Literature DB >> 17497896

Inactivation of anthracyclines by serum heme proteins.

Brett A Wagner1, Lynn M Teesch, Garry R Buettner, Bradley E Britigan, C Patrick Burns, Krzysztof J Reszka.   

Abstract

We have previously shown that the anticancer agent doxorubicin undergoes oxidation and inactivation when exposed to myeloperoxidase-containing human leukemia HL-60 cells, or to isolated myeloperoxidase, in the presence of hydrogen peroxide and nitrite. In the current study we report that commercial fetal bovine serum (FBS) alone oxidizes doxorubicin in the presence of hydrogen peroxide and that nitrite accelerates this oxidation. The efficacy of inactivation was dependent on the concentration of serum present; no reaction was observed when hydrogen peroxide or serum was omitted.

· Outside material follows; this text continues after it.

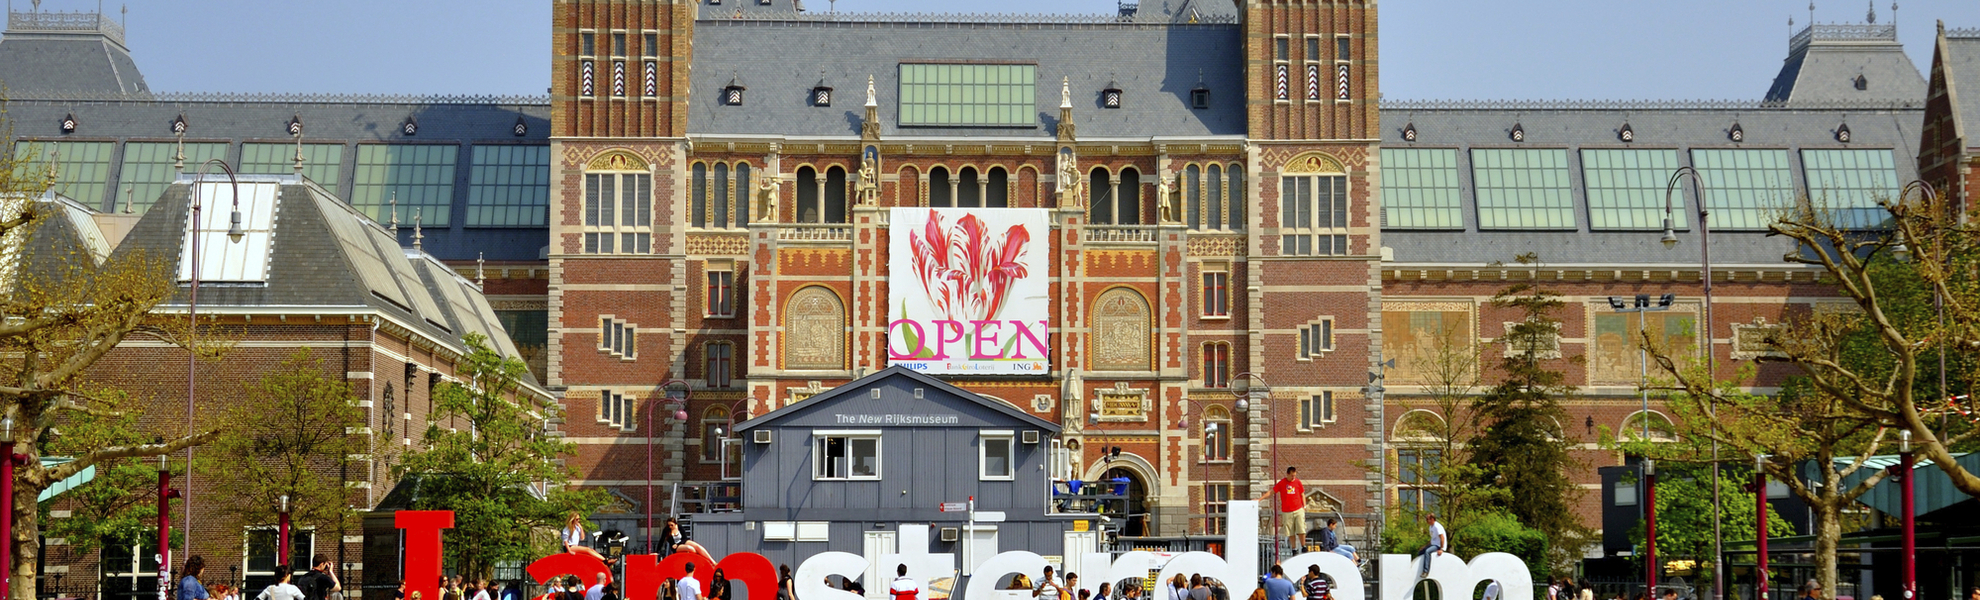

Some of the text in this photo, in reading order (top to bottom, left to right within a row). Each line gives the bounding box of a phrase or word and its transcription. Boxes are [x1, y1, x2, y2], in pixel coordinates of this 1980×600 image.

Peroxidase activity assays, based on oxidation of 3,3',5,5'-tetramethylbenzidine, confirmed the presence of a peroxidase in the sera from several suppliers. The peroxidative activity was contained in the >10000 MW fraction. We also found that hemoglobin, a heme protein likely to be present in commercial FBS, is capable of oxidizing doxorubicin in the presence of hydrogen peroxide and that nitrite further stimulates the reaction. In contrast to intact doxorubicin, the serum + hydrogen peroxide + nitrite treated drug appeared to be nontoxic for PC3 human prostate cancer cells. Together, this study shows that (pseudo)peroxidases present in sera catalyze oxidation of doxorubicin by hydrogen peroxide and that this diminishes the tumoricidal activity of the anthracycline, at least in in vitro settings. Finally, this study also points out that addition of H2O2 to media containing FBS will stimulate peroxidase-type of reactions, which may affect cytotoxic properties of studied compounds.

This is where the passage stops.